[Dataset entries]
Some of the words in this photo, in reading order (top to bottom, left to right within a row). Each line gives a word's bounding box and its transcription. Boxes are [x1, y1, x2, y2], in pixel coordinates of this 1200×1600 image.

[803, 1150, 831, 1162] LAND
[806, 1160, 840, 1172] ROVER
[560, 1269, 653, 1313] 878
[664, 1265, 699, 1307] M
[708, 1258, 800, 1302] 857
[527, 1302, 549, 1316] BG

**WHAT YOU NEED TO DO**
Each record above is to be printed again exactly as written.

**RESULT OF THIS TASK**
Some of the words in this photo, in reading order (top to bottom, left to right within a row). Each line gives a word's bounding box and its transcription. Boxes are [x1, y1, x2, y2], in pixel coordinates of this 1200×1600 image.

[803, 1150, 831, 1162] LAND
[806, 1160, 840, 1172] ROVER
[560, 1269, 653, 1313] 878
[664, 1265, 699, 1307] M
[708, 1258, 800, 1302] 857
[527, 1302, 549, 1316] BG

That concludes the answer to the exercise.